### DATA FOR THIS TASK
------
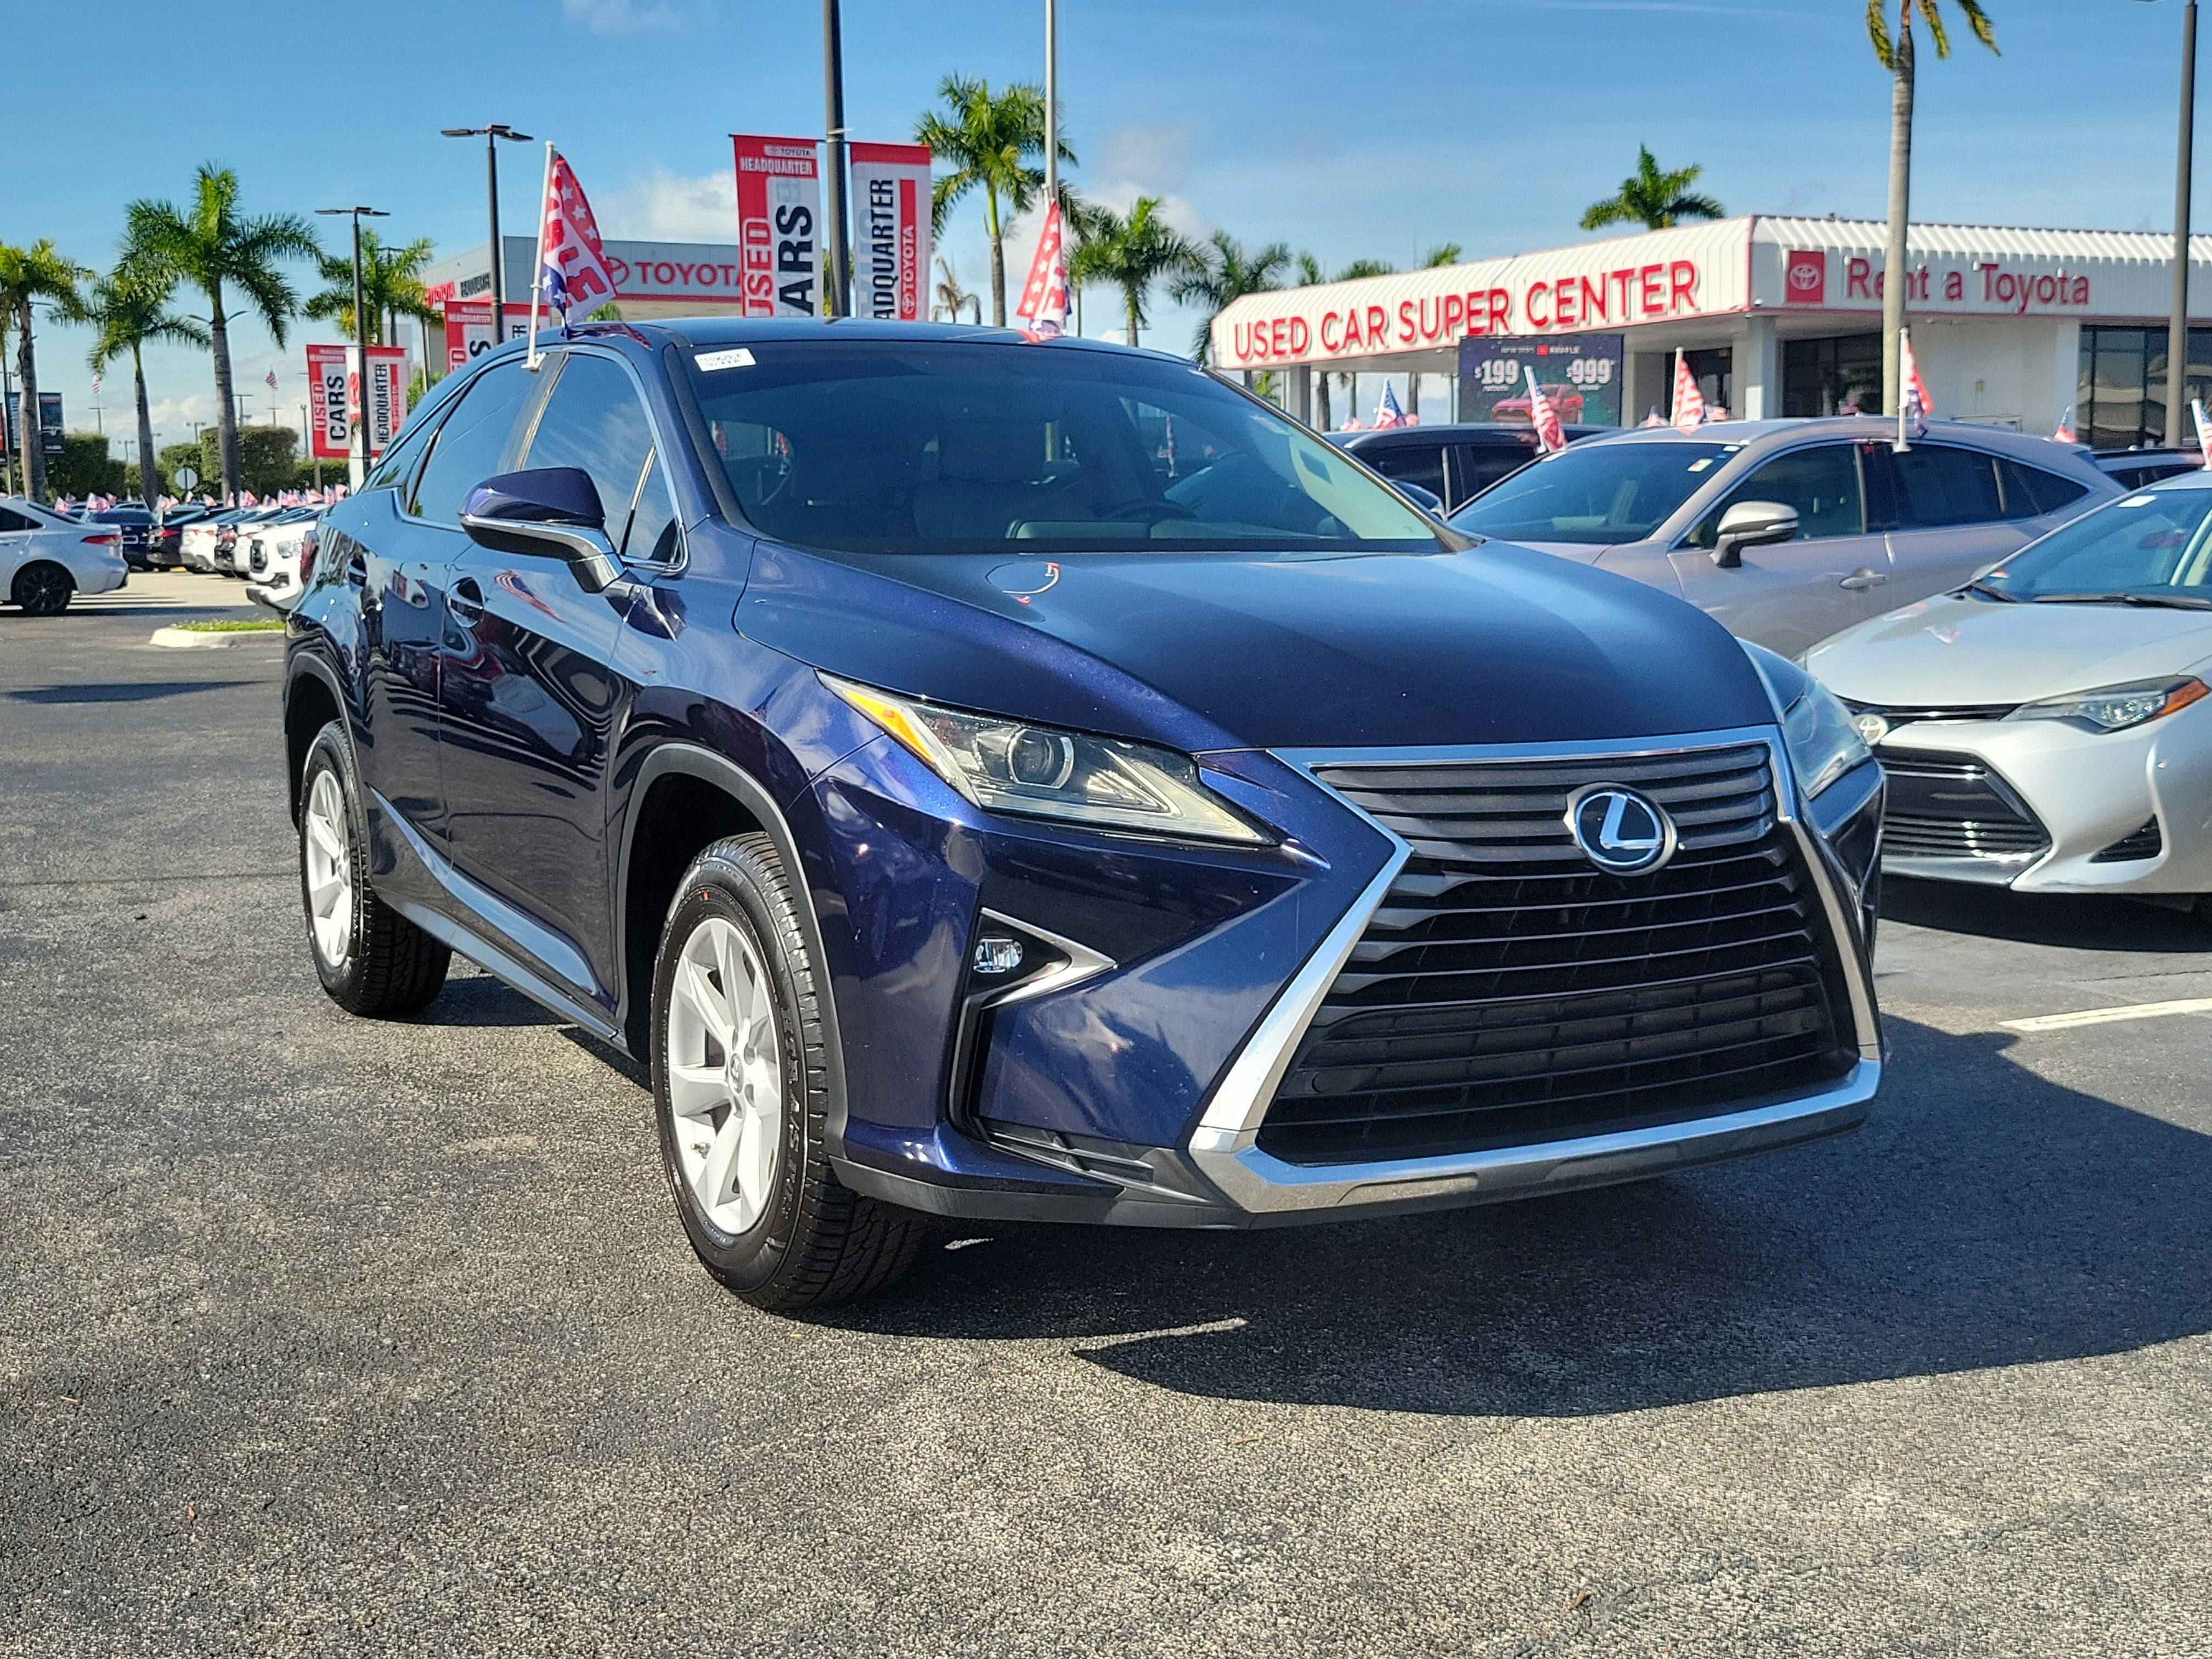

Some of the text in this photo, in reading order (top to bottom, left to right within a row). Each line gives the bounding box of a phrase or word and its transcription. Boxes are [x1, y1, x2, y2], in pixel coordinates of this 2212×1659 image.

[740, 156, 813, 175] HEADQUARTER
[634, 262, 741, 286] TOYOT
[775, 205, 814, 317] ARS
[870, 179, 899, 319] ADQUARTER
[901, 225, 915, 293] TOYOTA
[1234, 259, 1696, 361] USED CAR SUPER CENTER
[1946, 271, 1963, 301] a
[1980, 263, 2089, 315] Toyota
[313, 383, 328, 430] USED
[327, 375, 347, 441] CARS
[375, 363, 391, 444] HEADQUARTER
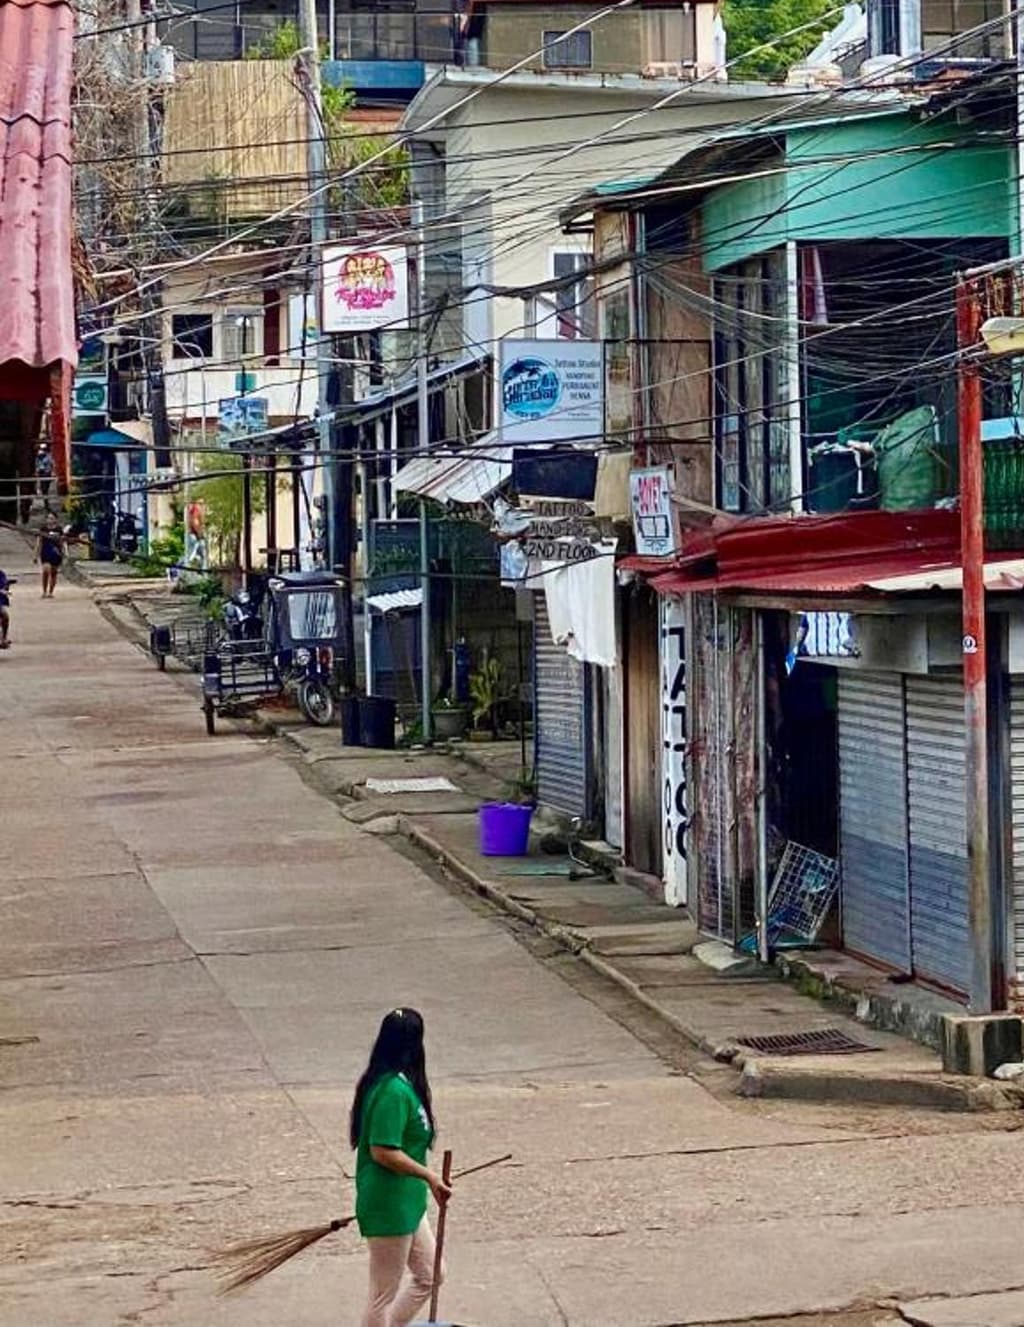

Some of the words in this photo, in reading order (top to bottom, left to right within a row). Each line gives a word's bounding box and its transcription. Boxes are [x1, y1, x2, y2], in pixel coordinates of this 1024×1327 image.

[537, 502, 585, 516] TATTOO
[528, 542, 555, 558] 2ND
[559, 542, 597, 560] FLOOR
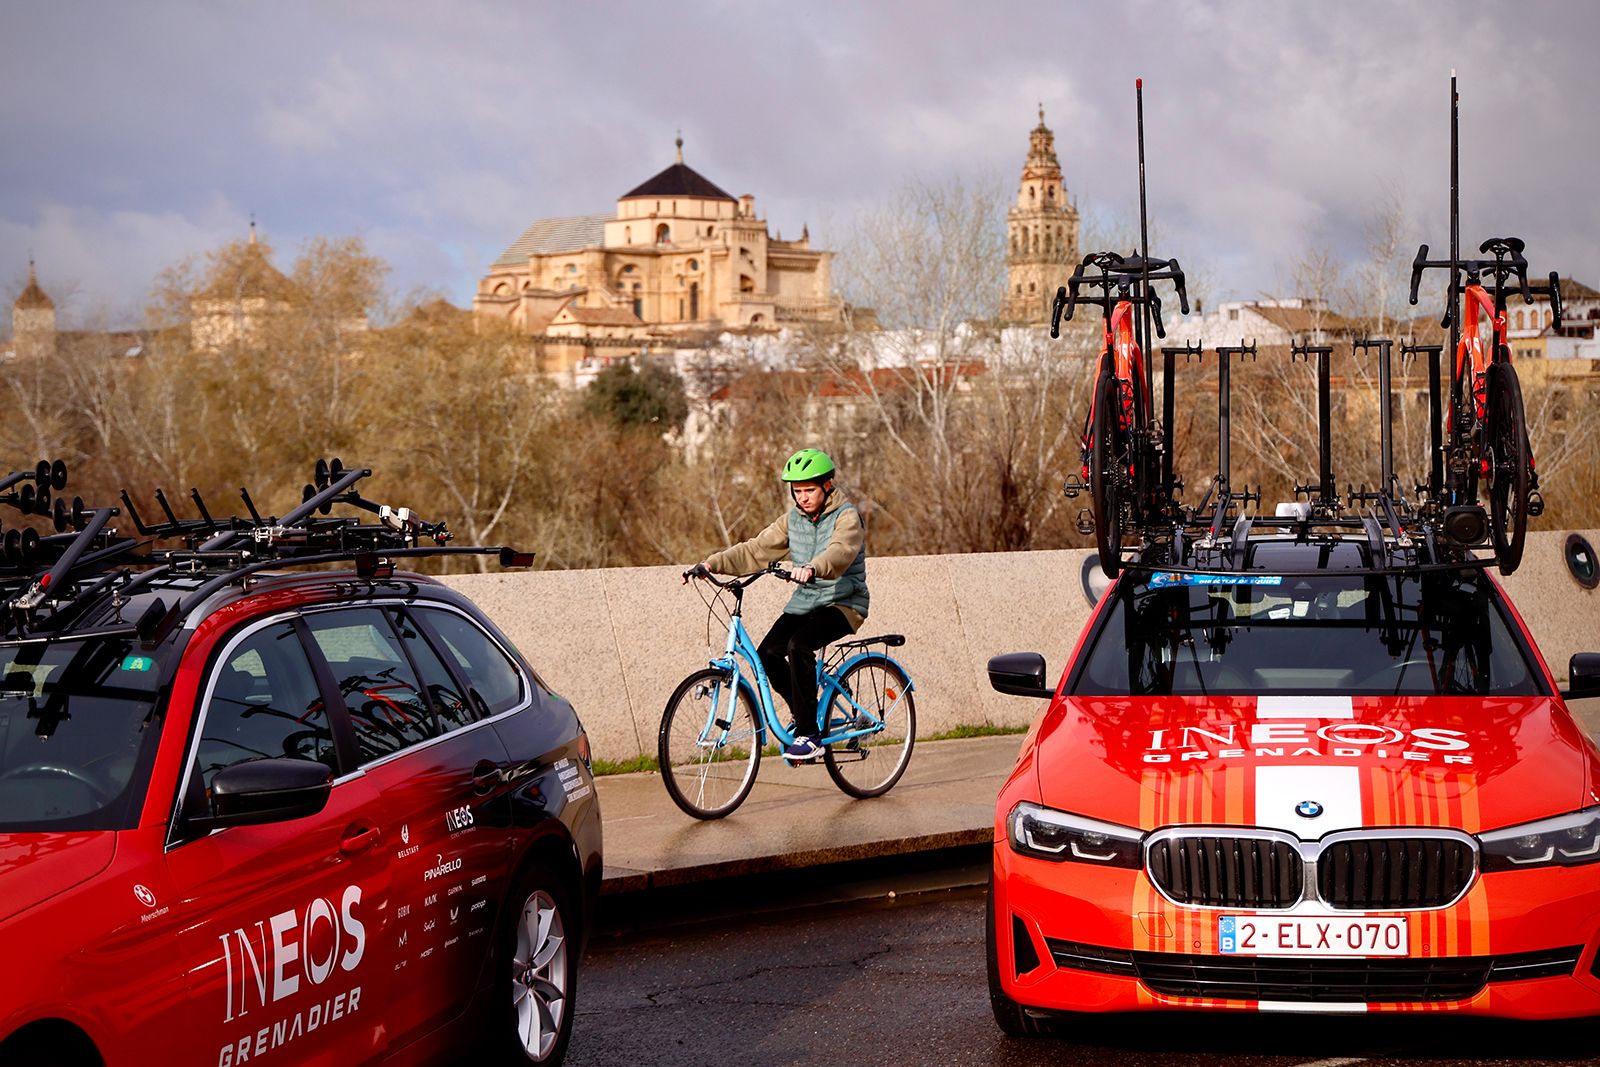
------
### INSTRUCTIONS TO FOLLOW
When you write out the material above, keep every line exact and drop each picture.

### COMPLETED TASK
Some of the text in this photo, in reading order (top to bottom, left to right within a row). Each line gives the bounding box of a phrase or word and its transcription. Boxes are [x1, y1, x2, y2], in pixel coordinates of this 2212×1659 image.

[740, 156, 813, 175] HEADQUARTER
[634, 262, 741, 286] TOYOT
[775, 205, 814, 317] ARS
[870, 179, 899, 319] ADQUARTER
[901, 225, 915, 293] TOYOTA
[1234, 259, 1696, 361] USED CAR SUPER CENTER
[1946, 271, 1963, 301] a
[1980, 263, 2089, 315] Toyota
[313, 383, 328, 430] USED
[327, 375, 347, 441] CARS
[375, 363, 391, 444] HEADQUARTER

Some of the words in this photo, in reading order (top to bottom, left to right within a row). Each line gives a word's bounding box and its transcription. Boxes are [x1, y1, x2, y2], in pixel coordinates of this 1024×1327 image.

[537, 502, 585, 516] TATTOO
[528, 542, 555, 558] 2ND
[559, 542, 597, 560] FLOOR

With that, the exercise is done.